The Real Consequences
The consequences of this inequality go beyond the wealth getting wealthier. It's about people spending additional funds for their healthcare, rent and vet bills without seeing any substantial income improvement. And Collins said the hardship and discontent of this kind of society can lead to serious unrest.
"The most powerful oligarchs understand people are being marginalized [and] are financially struggling," Collins said, adding that Republicans have been good at tapping into a potent "fake grassroots movement".
Political Reality
The paradox, Collins points out in his book, is that elected representatives have appointed a series of billionaires to government roles. Along with affluent innovators who had brief but powerful roles overseeing substantial reductions to the federal workforce, other important roles for commerce, treasury, education and the interior are also all billionaires.
This government structure, along with help from political partners, helped pass significant fiscal policies, which will make lasting reductions for the wealthy and corporations.
Potential Changes
While legislative bodies continue to argue that border policies and poor economic deals are the source of everyone's economic problems, "the issue remains: Will the alternative political group, which has also been captured by the billionaires and big money, be able to effectively tackle the underlying harms?" Collins said.
Liberal leaders, he argues, know what policies are needed to "change wealth distribution", including deep changes to the tax system, raising the minimum wage and strengthening unions.

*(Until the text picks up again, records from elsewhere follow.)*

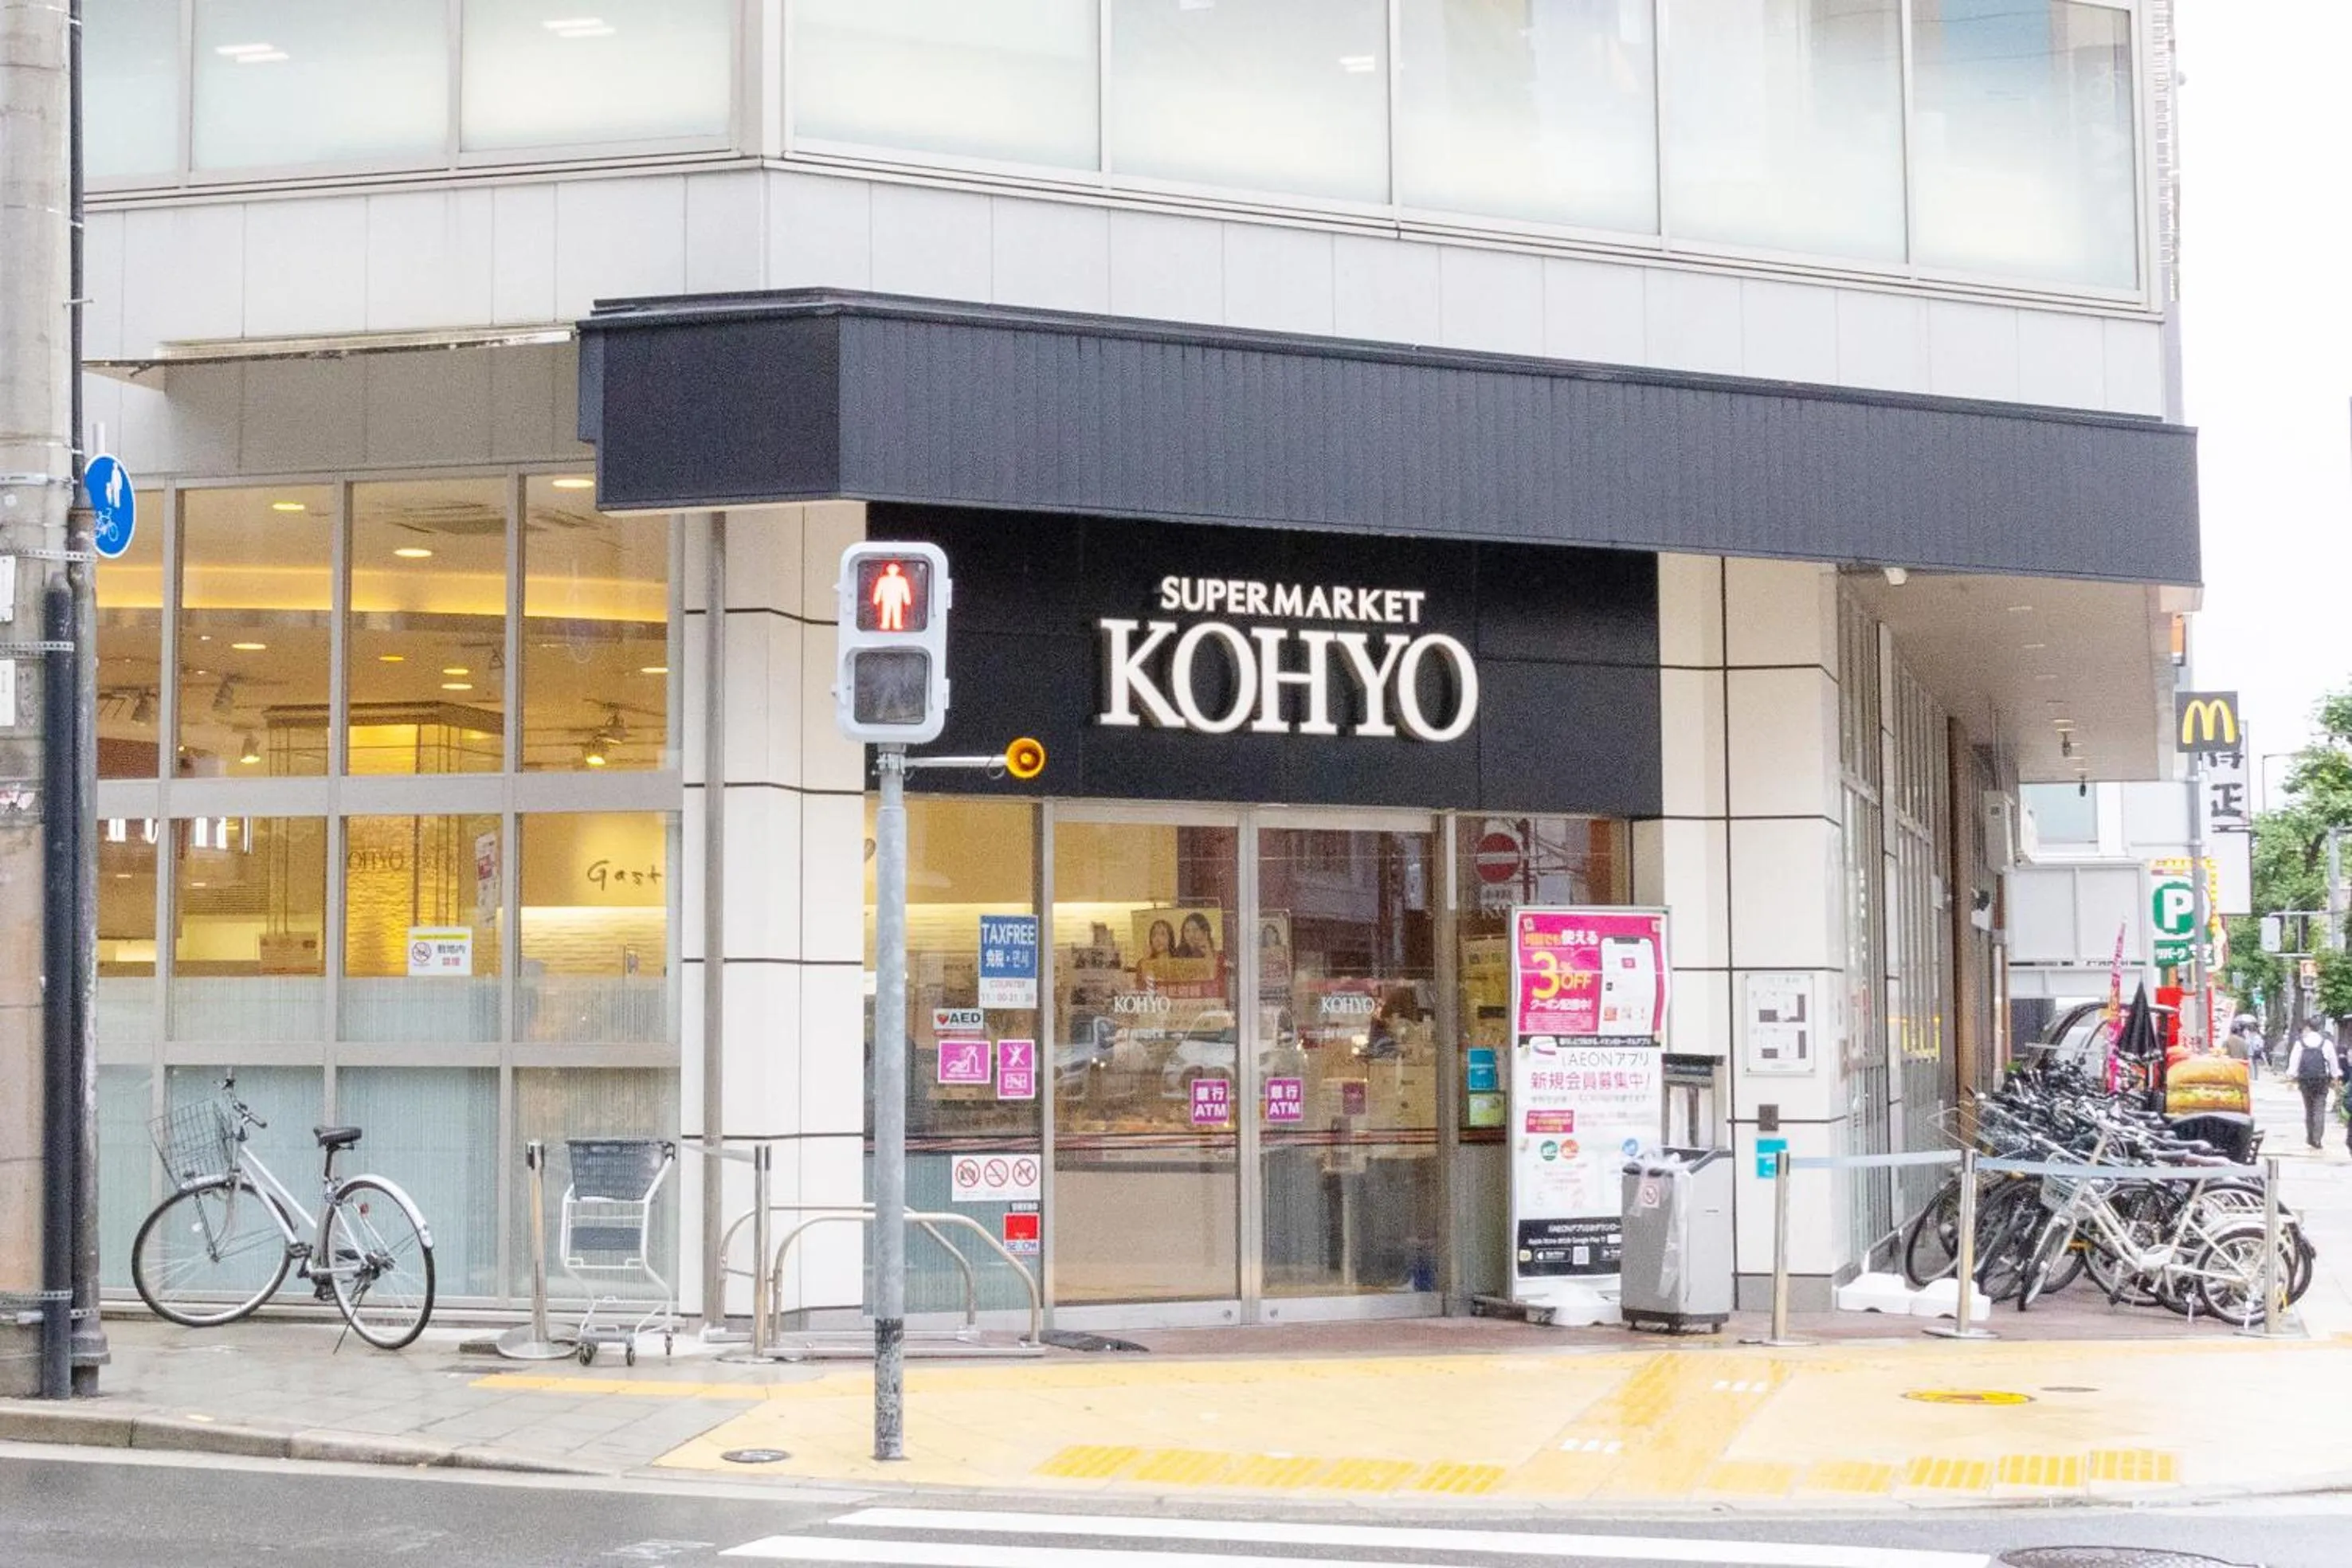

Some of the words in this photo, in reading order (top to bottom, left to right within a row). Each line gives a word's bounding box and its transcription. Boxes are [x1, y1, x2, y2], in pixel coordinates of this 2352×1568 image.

[1160, 575, 1425, 623] SUPERMARKET
[1100, 618, 1478, 743] KOHYO
[2163, 888, 2194, 929] P
[981, 924, 1035, 945] TAXFREE
[1531, 951, 1560, 999] 3
[1561, 973, 1591, 990] OFF
[1114, 996, 1170, 1013] KOHYO
[1321, 997, 1375, 1014] KOHYO
[950, 1013, 981, 1024] AED
[1195, 1103, 1226, 1117] ATM
[1269, 1102, 1300, 1115] ATM

"It was so, so close, and the bill really did reflect the will of the most of people who really want lawmakers to address some of these pressing issues," Collins said. "Elite control is not about creating so much as blocking. It's easier to block than it is to make something significant occur, but the muscle memory is there. We know what that looks like."
Collins is hopeful that there can be change, but said it would require ongoing legislative effort.
"It may be before we know it that the tide turns, and then it really is about sustaining a continuous public campaign to make progress on this profound imbalance we're living in," he said. "We can fix this. It is addressable."